This section is designed to assist schools and academies who are their own admissions authority. It will also provide information for other interested parties including parents, churches and the wider public.
- National Society Statement
- News and Reminders
- Who are the Admissions Authorities for schools
- Frequently Asked Questions about Admissions
including Appendices containing sample policies for guidance
Church of England schools stand at the centre of the mission and ministry of the Church. Historically Church schools had both a nurturing and a service role, providing an education for Christian families and for the local neighbourhood. Church of England schools in the 21st century are encouraged to remain true to this historic function - to provide schools that cater for Christian families as well as meeting the needs of the local community.
Church of England schools should be both distinctively Christian and inclusive communities. The admissions policy must also have regard to the school's Trust deed. In VA and Foundation schools and in Academies, the Governing body is the admissions authority and draws up the admissions policy in consultation with the diocese, the LA and all other admissions authorities in the area.
Admissions policies must conform to the Government's School Admissions Code.
The balance between nurture and service will depend on the whether the school is primary or secondary, VA, VC, Foundation or academy, its ethos, history and tradition as well as local circumstances, which may include the number of other Church of England schools in the area.

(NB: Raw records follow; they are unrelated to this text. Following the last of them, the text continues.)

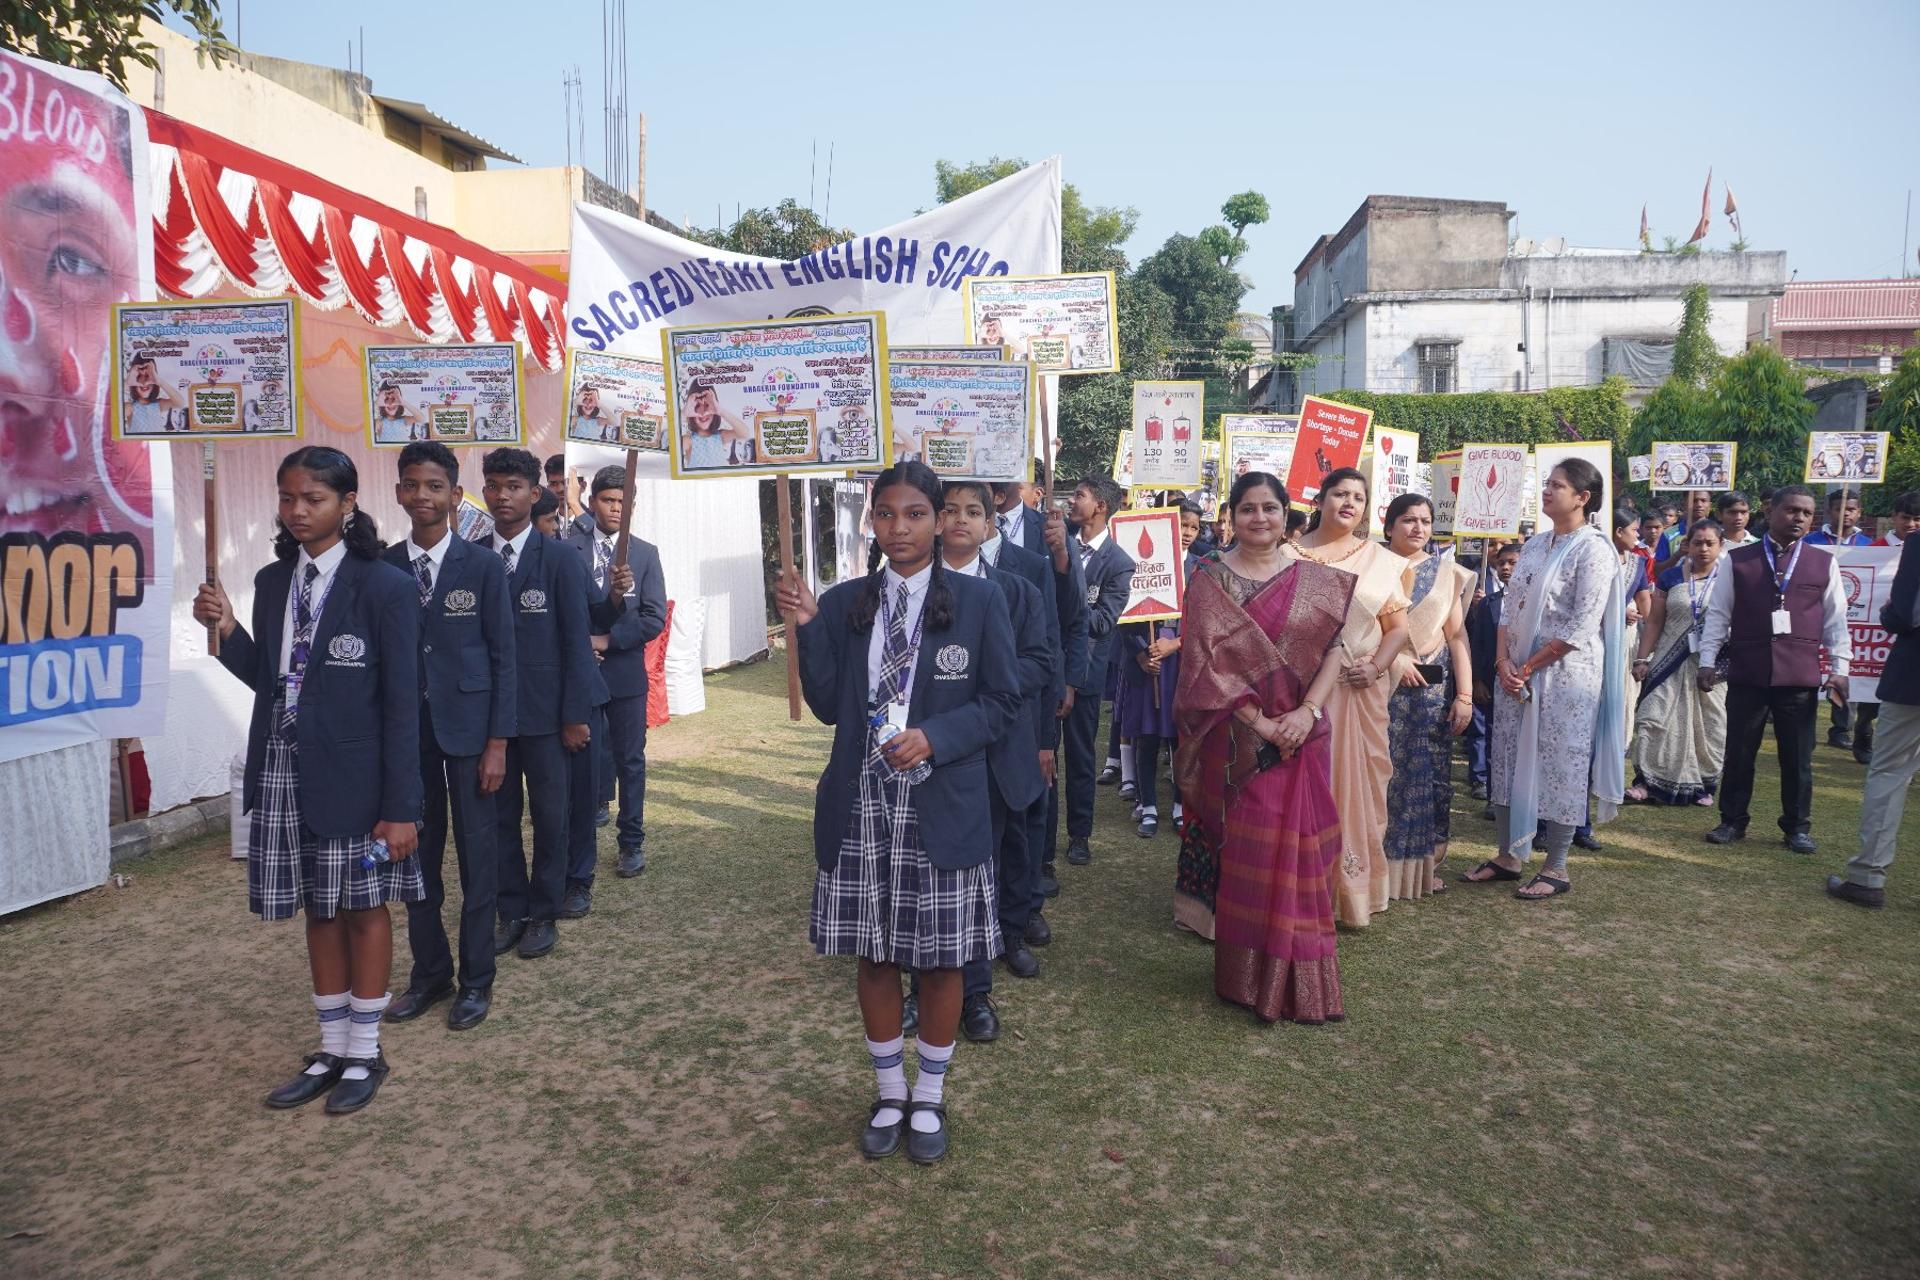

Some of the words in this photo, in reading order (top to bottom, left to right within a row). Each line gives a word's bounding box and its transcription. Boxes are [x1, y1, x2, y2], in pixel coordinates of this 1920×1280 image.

[0, 62, 106, 165] BLOOD
[571, 267, 695, 351] SACRED
[780, 236, 919, 287] ENGLISH
[778, 382, 820, 391] FOUNDATION
[1317, 409, 1338, 421] Severe
[1337, 413, 1357, 425] Blood
[1306, 418, 1333, 433] Shortage
[1337, 426, 1360, 439] Donate
[1321, 434, 1341, 448] Today
[1174, 448, 1187, 457] 90
[1468, 449, 1488, 461] GIVE
[1491, 449, 1521, 462] BLOOD
[1388, 467, 1394, 485] 3
[1438, 500, 1456, 509] रक्त
[1465, 517, 1486, 530] GIVE
[1487, 517, 1507, 529] LIFE
[1132, 573, 1173, 590] क्तदान
[0, 543, 138, 644] nor
[1854, 646, 1892, 662] HO
[0, 645, 125, 715] ION

There are a number of ways by which inclusiveness can be interpreted - faith, gender, BME pupils, children and young people with additional needs, those with disabilities, at risk of exclusion or gifted and talented as well as socio-economic background. The area where the school is situated may make it difficult for a school to create a diverse community, but the Church itself is a diverse community - congregations in the countryside or inner city areas may have congregations where many are from poor, deprived areas; many church communities are also ethnically diverse. They are just as likely to include very able children and those with additional needs as the local neighbourhood. A church school may therefore have a diverse and inclusive population despite having what may be seen as a narrow admissions policy that admits a high proportion of church applicants. However the community of pupils is made up, all will be treated with respect.